Images for object localization:
____

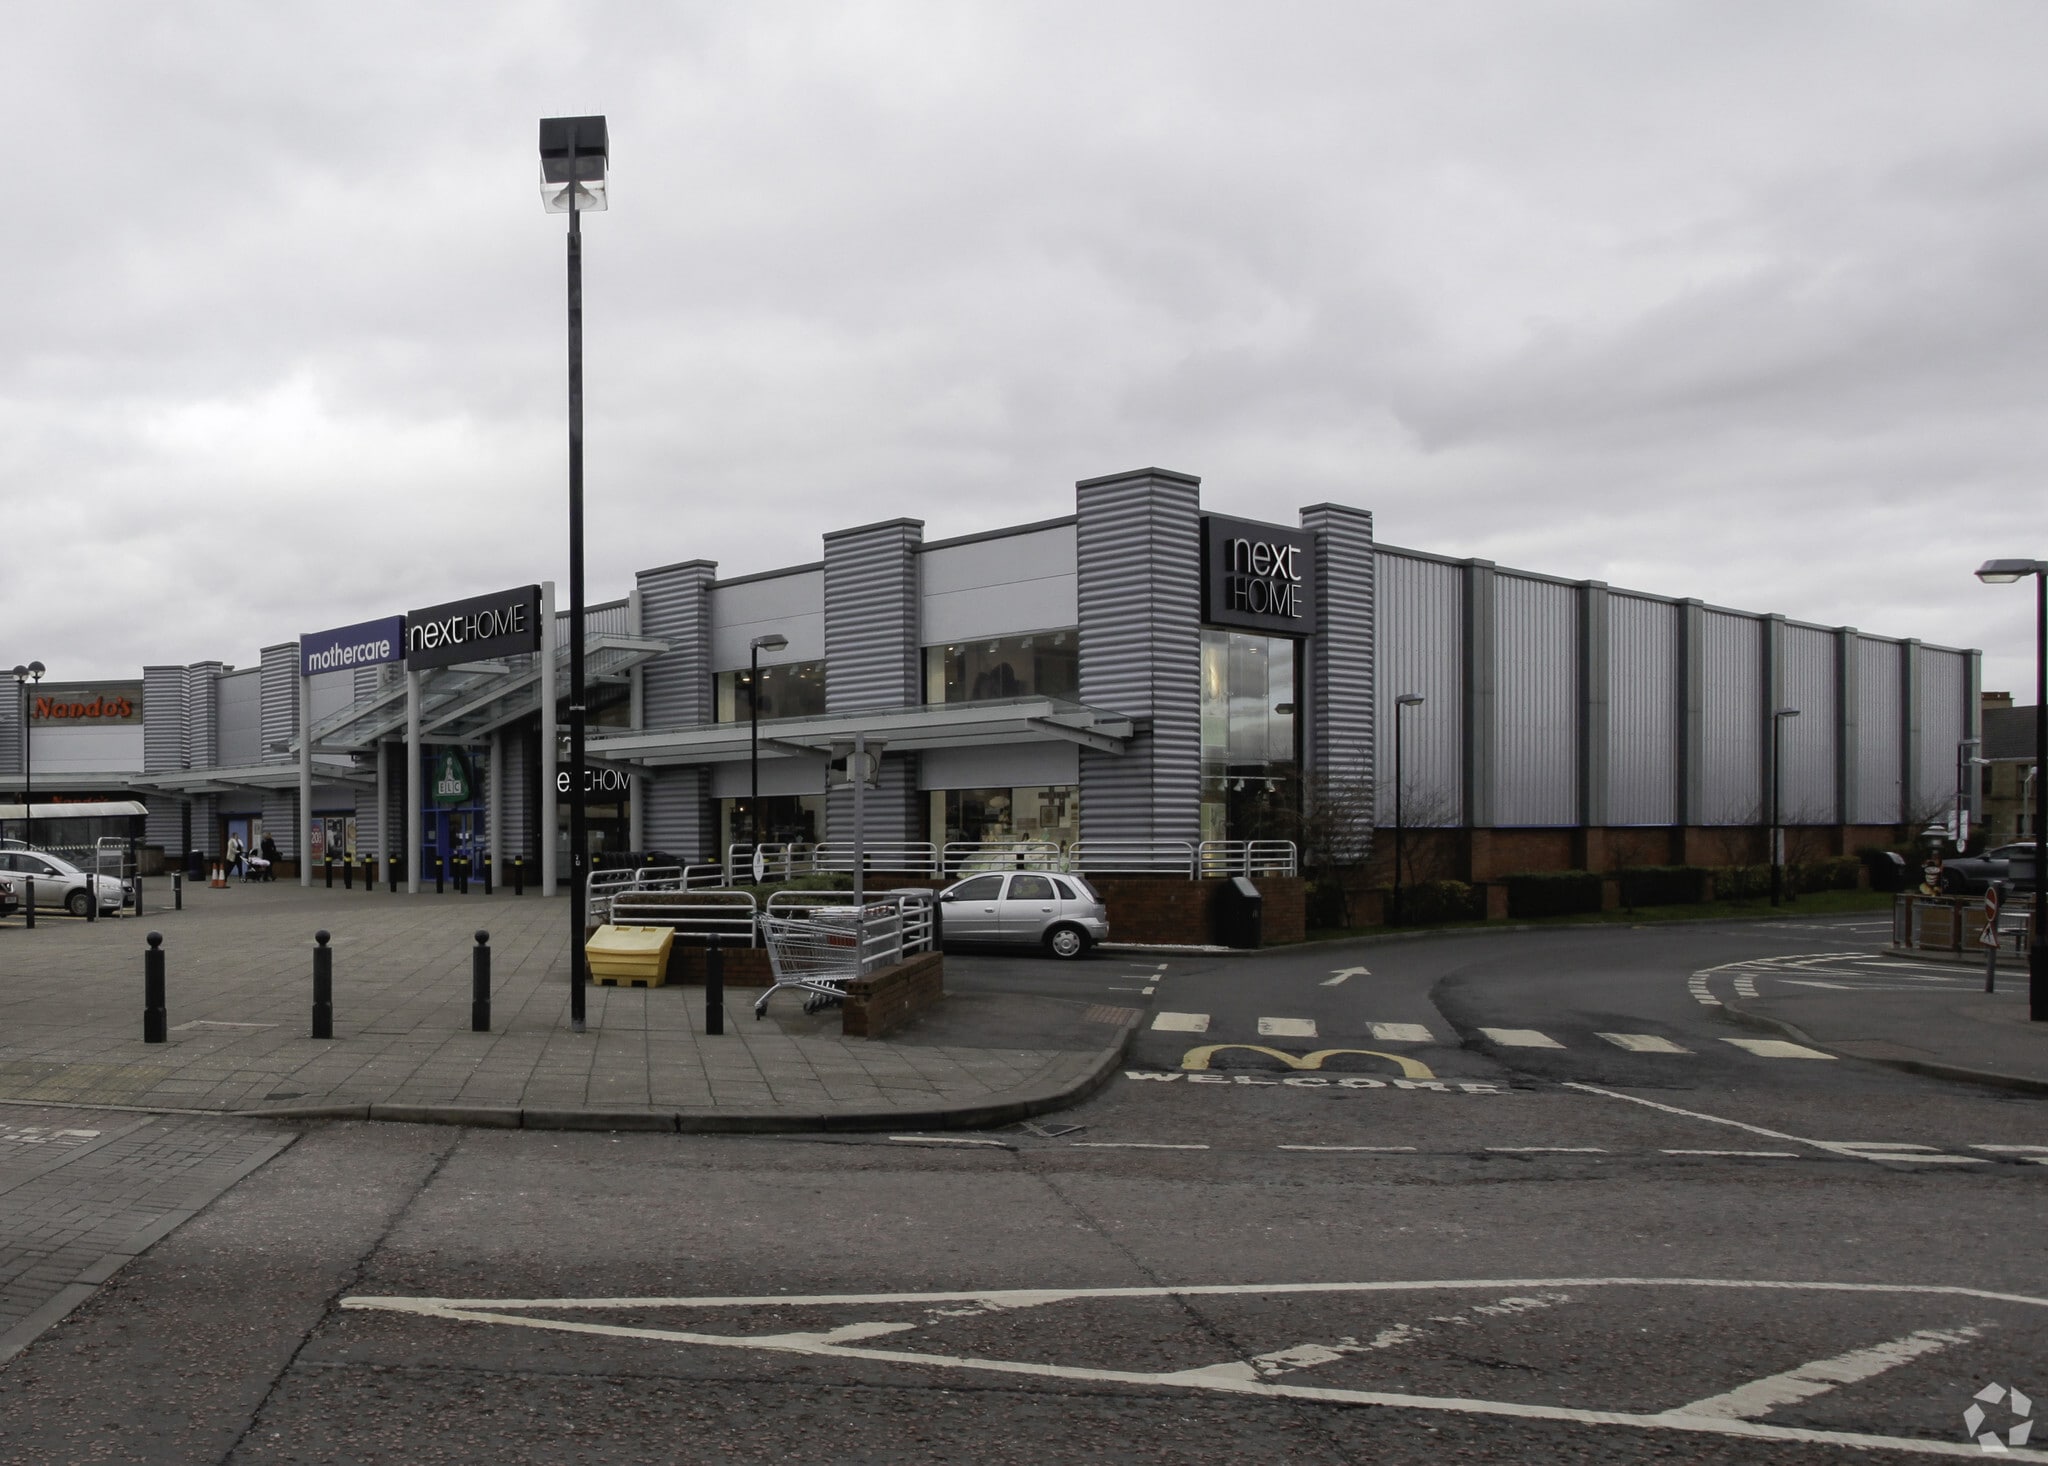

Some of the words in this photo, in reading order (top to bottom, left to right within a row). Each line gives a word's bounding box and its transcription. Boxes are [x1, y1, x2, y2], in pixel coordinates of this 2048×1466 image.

[1233, 538, 1302, 581] next
[1234, 576, 1303, 618] HOME
[308, 639, 390, 672] mothercare
[32, 695, 133, 720] Nando's
[1124, 1071, 1513, 1095] WELCOME
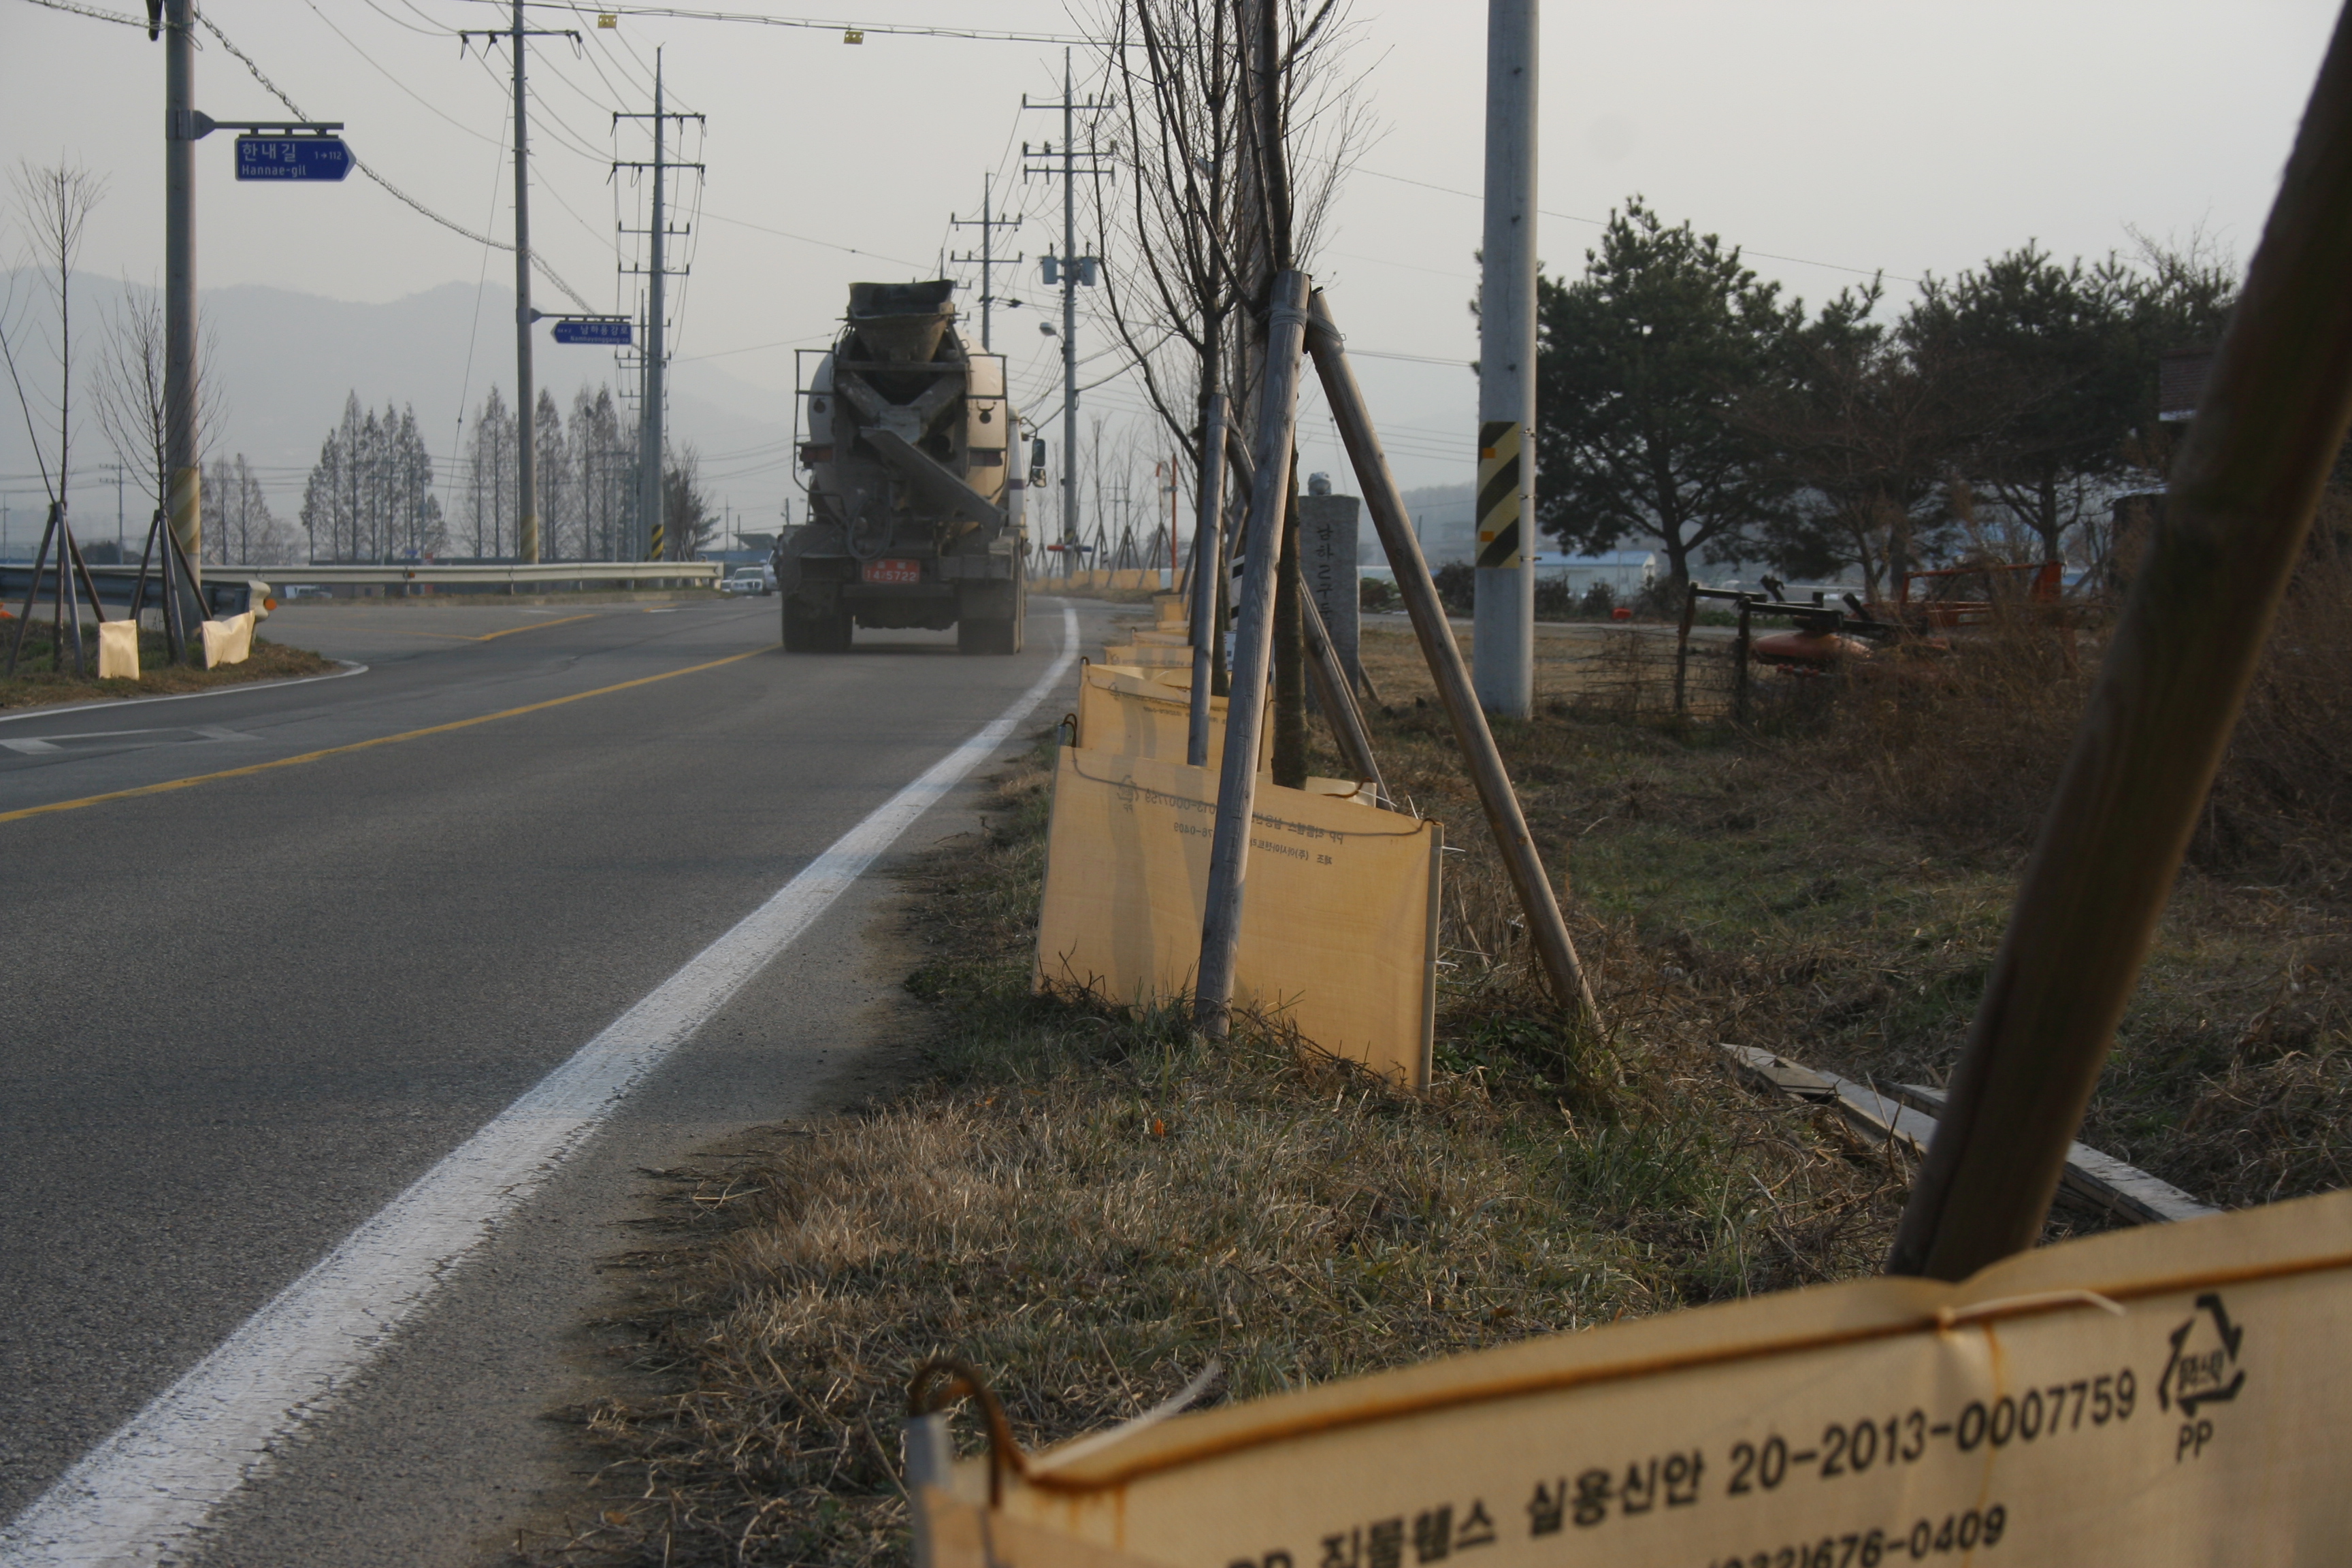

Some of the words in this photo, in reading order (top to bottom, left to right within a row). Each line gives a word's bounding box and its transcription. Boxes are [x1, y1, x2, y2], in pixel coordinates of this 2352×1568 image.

____

- [What you will do]: When you transcribe the entries, reproduce each line exactly and skip any picture.

- [Response]:
Some of the words in this photo, in reading order (top to bottom, left to right within a row). Each line gives a word's bounding box and its transcription. Boxes are [x1, y1, x2, y2], in pixel coordinates of this 2048×1466 image.

[1233, 538, 1302, 581] next
[1234, 576, 1303, 618] HOME
[308, 639, 390, 672] mothercare
[32, 695, 133, 720] Nando's
[1124, 1071, 1513, 1095] WELCOME

Some of the words in this photo, in reading order (top to bottom, left to right within a row). Each line gives a word's bounding box and its transcription. Boxes are [x1, y1, x2, y2], in pixel coordinates of this 2352×1568 image.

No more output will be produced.